■ **ABOUT THIS EXERCISE**
Every record is to be printed exactly as written; pictures are to be omitted.

■ **DATA SUPPLIED**
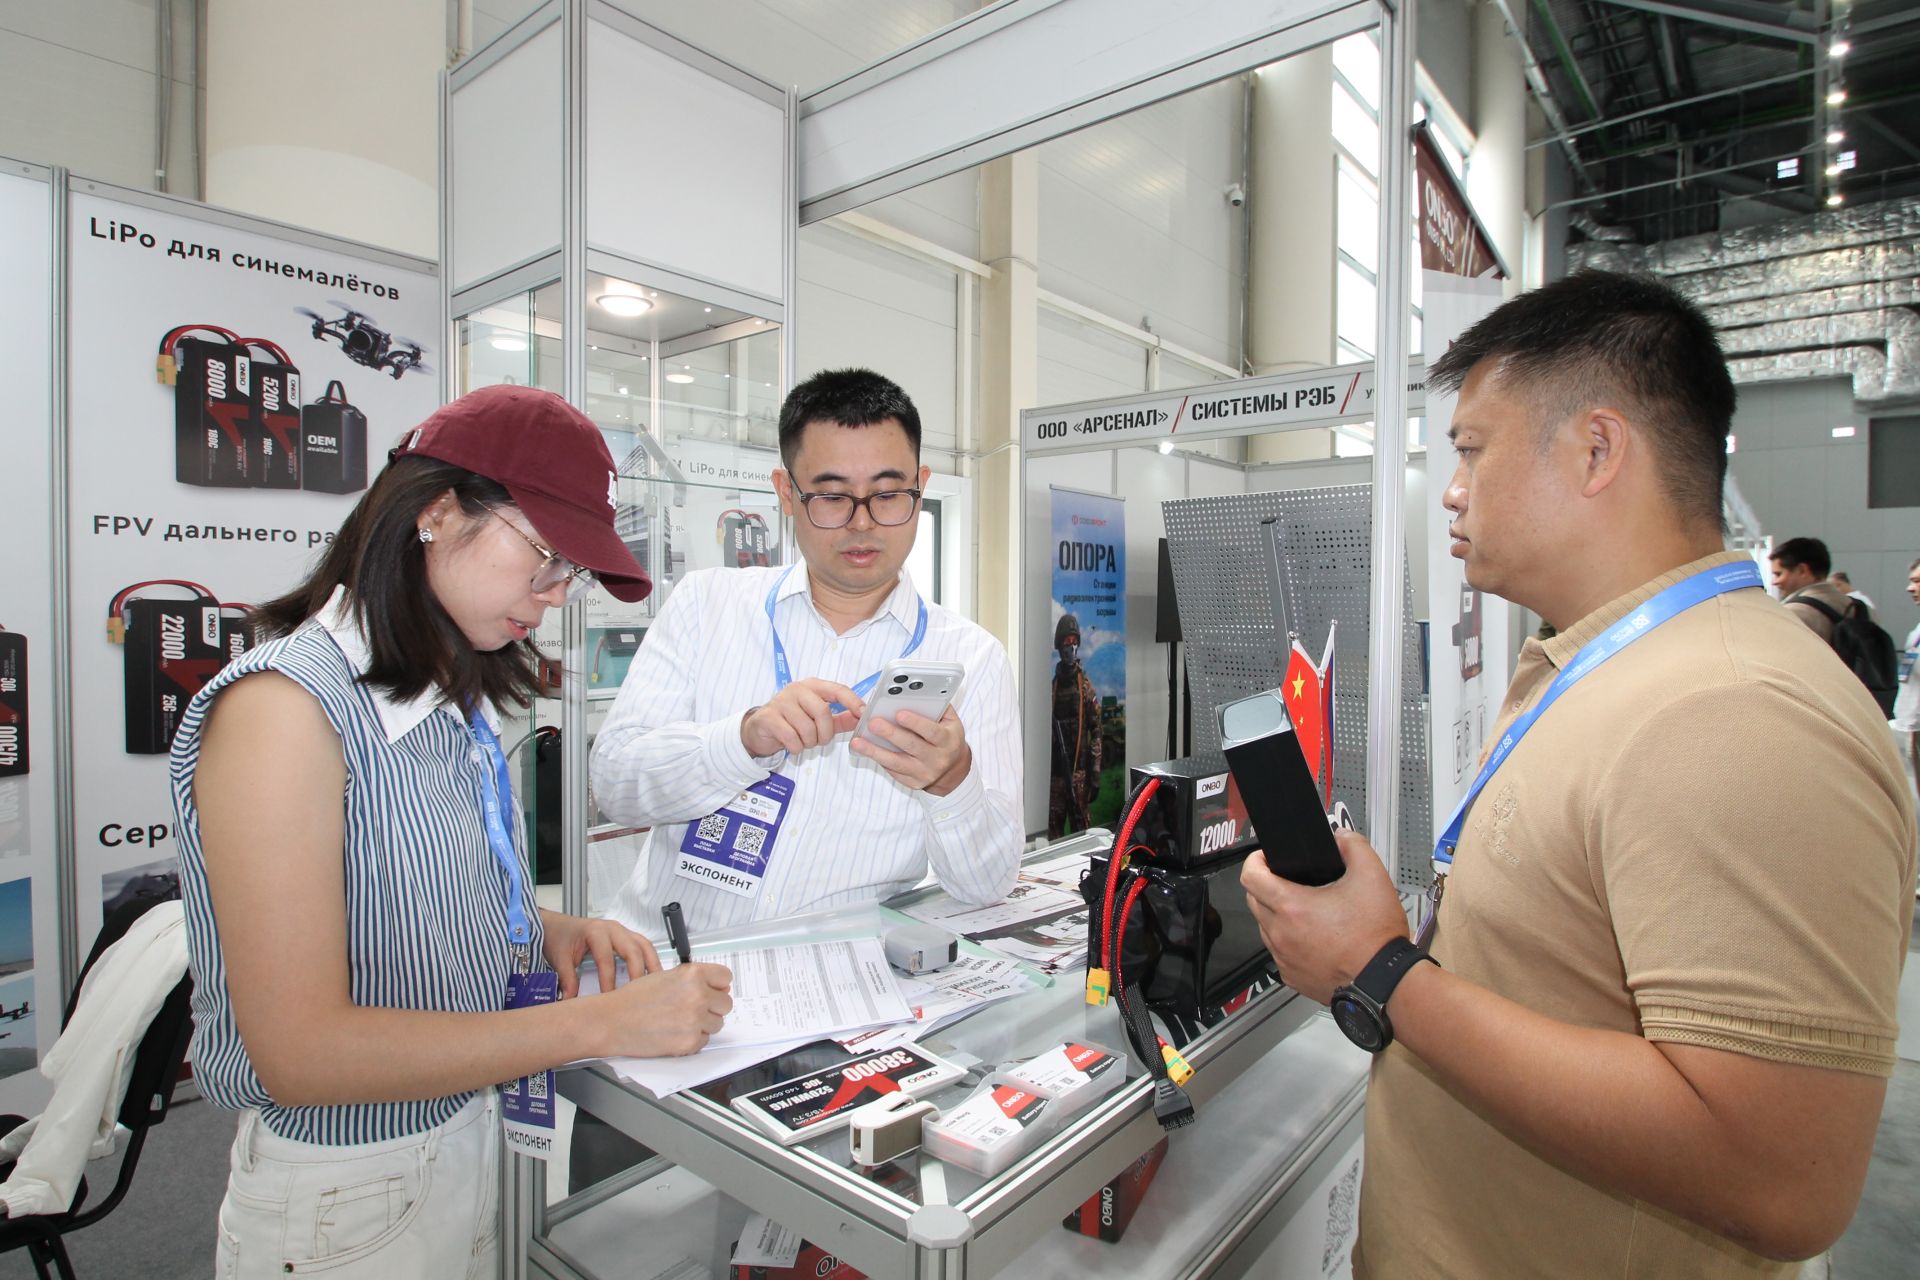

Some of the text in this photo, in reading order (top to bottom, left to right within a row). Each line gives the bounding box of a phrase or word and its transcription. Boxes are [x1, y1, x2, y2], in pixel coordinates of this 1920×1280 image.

[90, 217, 400, 301] LiPo для синемалётов
[207, 358, 226, 399] 8000
[262, 376, 280, 411] 5200
[1191, 385, 1336, 421] СИСТЕМЫ РЭБ
[1037, 409, 1169, 440] ООО «АРСЕНАЛ»
[307, 435, 337, 448] OEM
[689, 462, 715, 475] LiPo
[718, 468, 739, 478] для
[93, 515, 154, 537] FPV
[164, 523, 297, 544] дальнего
[1059, 540, 1117, 573] ОПОРА
[160, 613, 185, 661] 22000
[208, 613, 217, 638] ONBO
[229, 632, 244, 660] 1600
[0, 677, 17, 692] 10C
[162, 694, 177, 712] 25C
[1201, 780, 1221, 793] ONBO
[1199, 818, 1236, 855] 12000
[680, 859, 753, 891] ЭКСПОНЕНТ
[841, 1051, 914, 1082] 38000
[1072, 1049, 1095, 1064] ONBO
[802, 1078, 823, 1090] 10C
[907, 1070, 939, 1084] ONBO
[1001, 1091, 1026, 1109] ONBO
[506, 1128, 552, 1152] ЭКСПОНЕНТ
[1101, 1186, 1113, 1226] ONBO
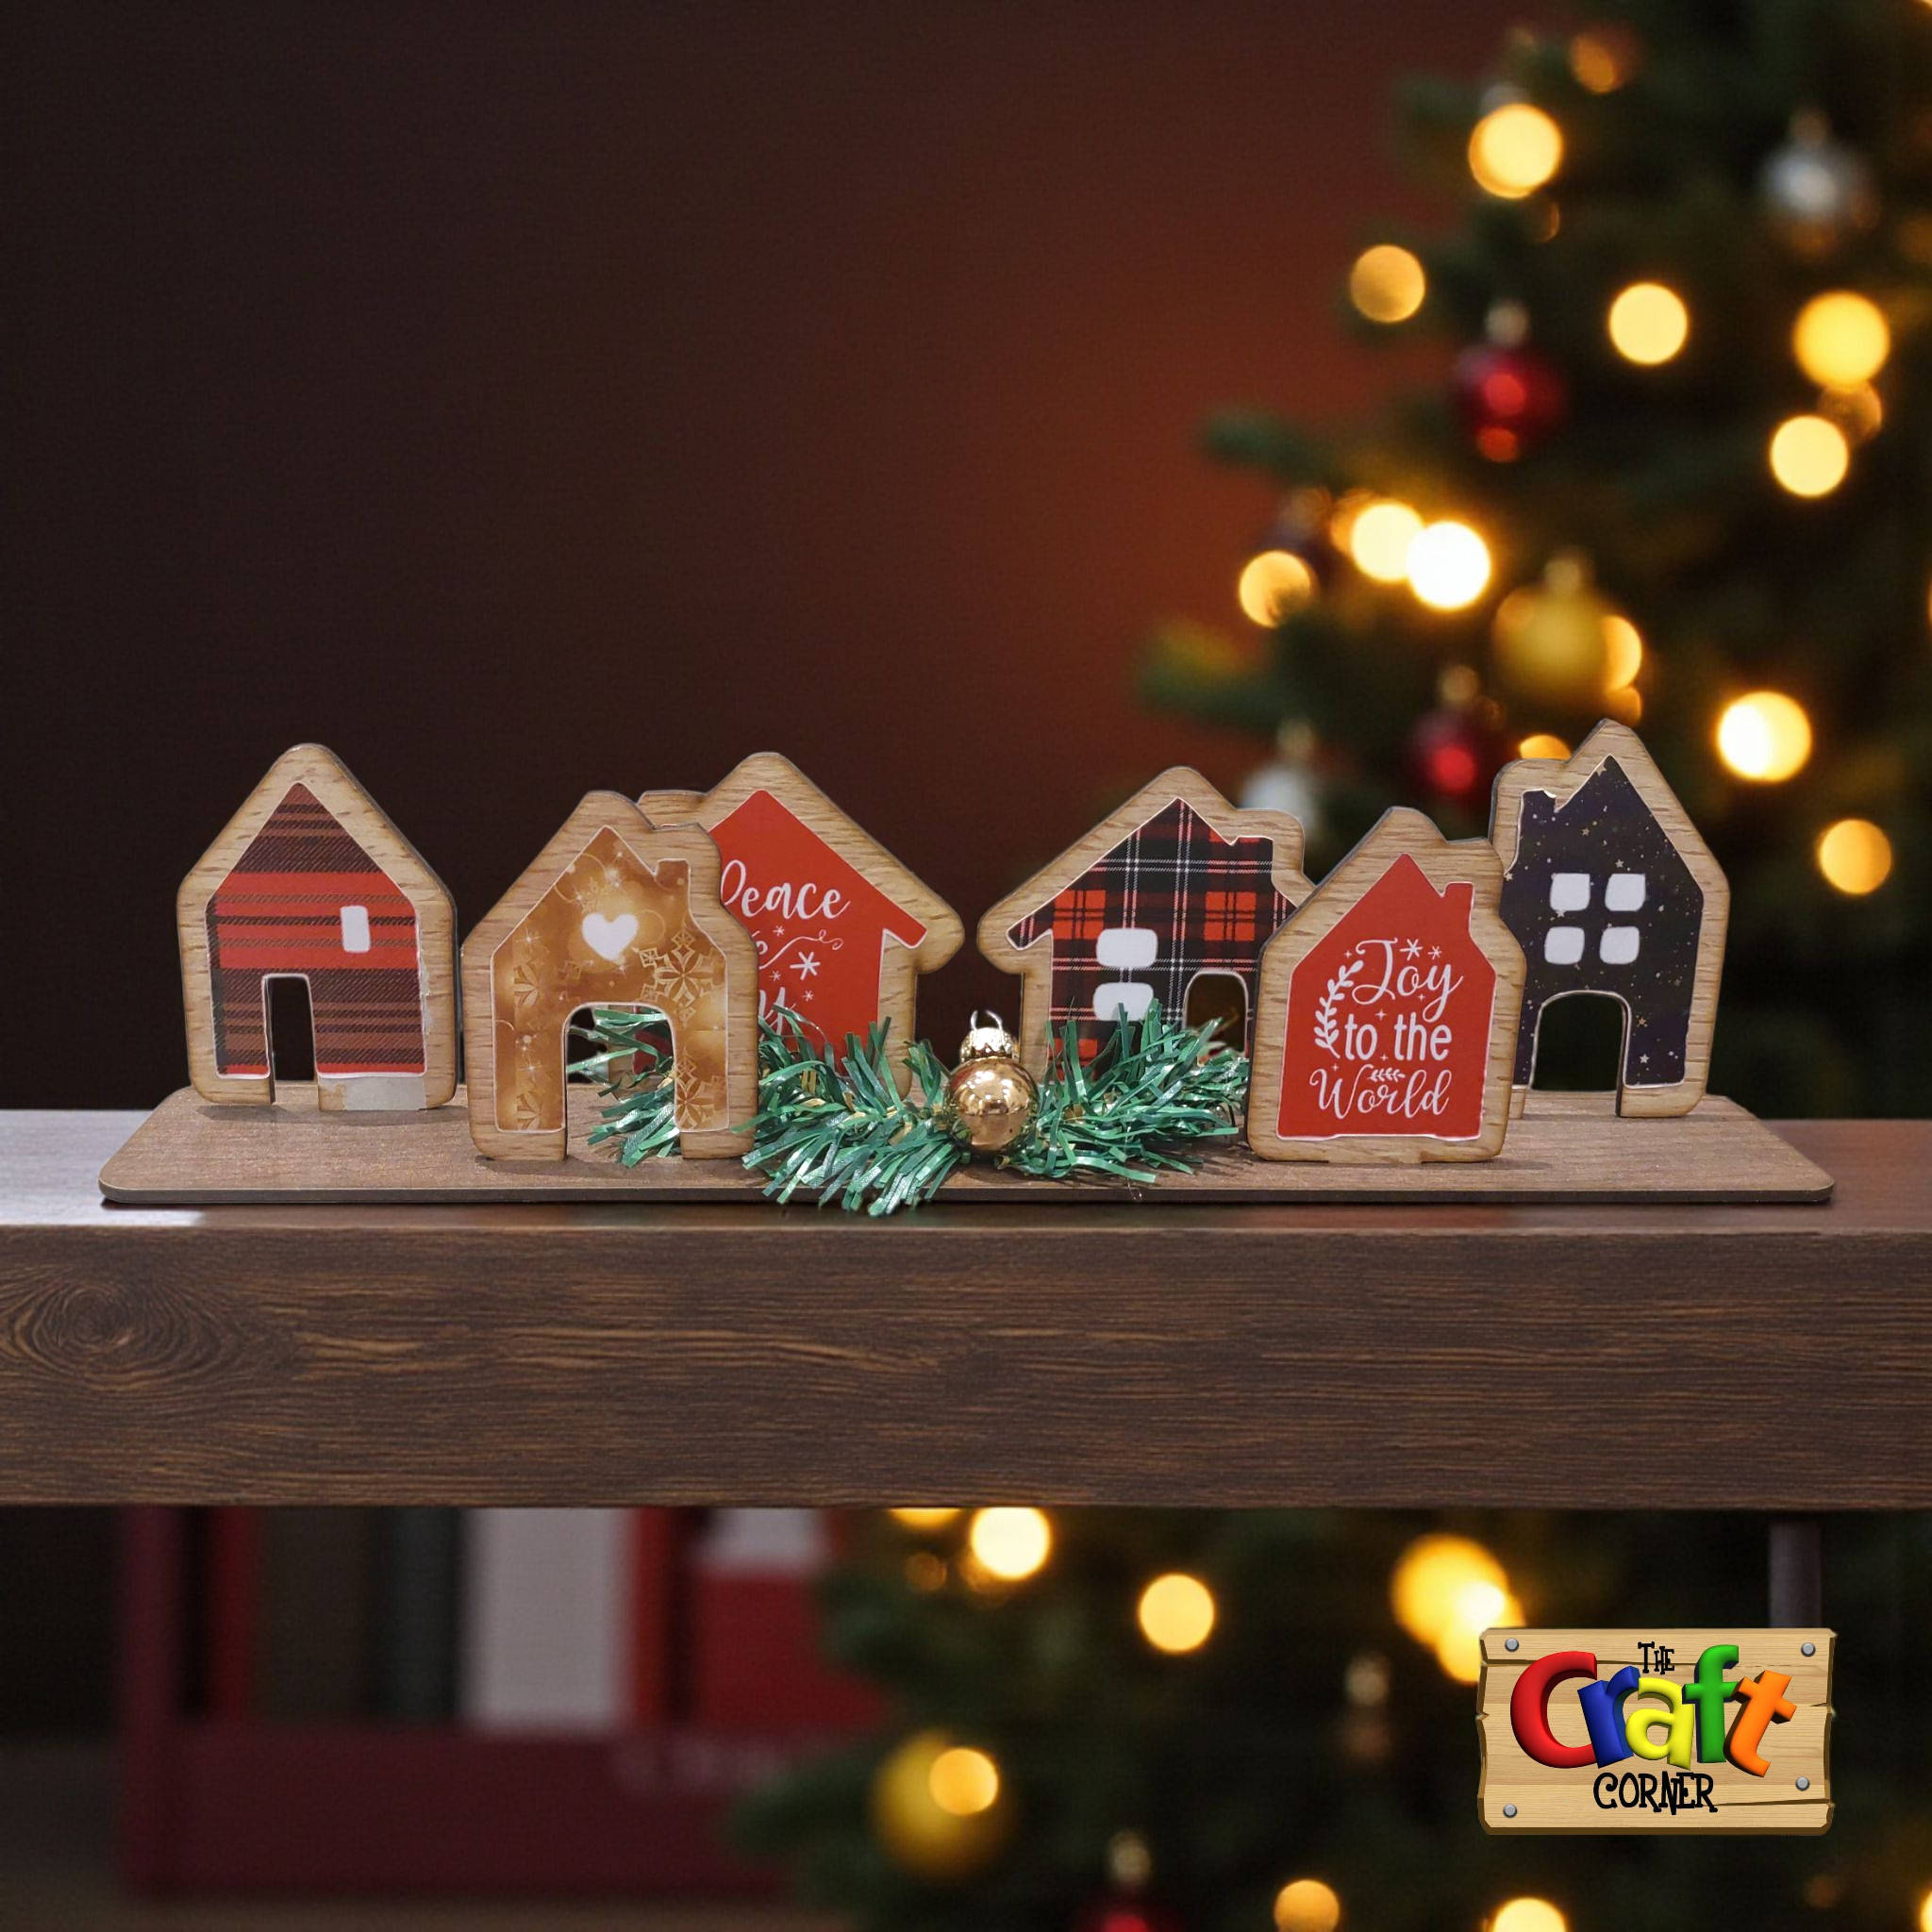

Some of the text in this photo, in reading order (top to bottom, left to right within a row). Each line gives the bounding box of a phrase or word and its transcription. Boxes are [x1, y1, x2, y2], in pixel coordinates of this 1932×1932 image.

■ **REPLY TO THE EXERCISE**
Some of the text in this photo, in reading order (top to bottom, left to right within a row). Each line gives the bounding box of a phrase or word and its transcription. Boxes are [x1, y1, x2, y2], in pixel coordinates of this 1920×1280 image.

[90, 217, 400, 301] LiPo для синемалётов
[207, 358, 226, 399] 8000
[262, 376, 280, 411] 5200
[1191, 385, 1336, 421] СИСТЕМЫ РЭБ
[1037, 409, 1169, 440] ООО «АРСЕНАЛ»
[307, 435, 337, 448] OEM
[689, 462, 715, 475] LiPo
[718, 468, 739, 478] для
[93, 515, 154, 537] FPV
[164, 523, 297, 544] дальнего
[1059, 540, 1117, 573] ОПОРА
[160, 613, 185, 661] 22000
[208, 613, 217, 638] ONBO
[229, 632, 244, 660] 1600
[0, 677, 17, 692] 10C
[162, 694, 177, 712] 25C
[1201, 780, 1221, 793] ONBO
[1199, 818, 1236, 855] 12000
[680, 859, 753, 891] ЭКСПОНЕНТ
[841, 1051, 914, 1082] 38000
[1072, 1049, 1095, 1064] ONBO
[802, 1078, 823, 1090] 10C
[907, 1070, 939, 1084] ONBO
[1001, 1091, 1026, 1109] ONBO
[506, 1128, 552, 1152] ЭКСПОНЕНТ
[1101, 1186, 1113, 1226] ONBO

Some of the text in this photo, in reading order (top to bottom, left to right within a row). Each line gives the bounding box of a phrase or word and its transcription. Boxes are [x1, y1, x2, y2], in pixel coordinates of this 1932×1932 image.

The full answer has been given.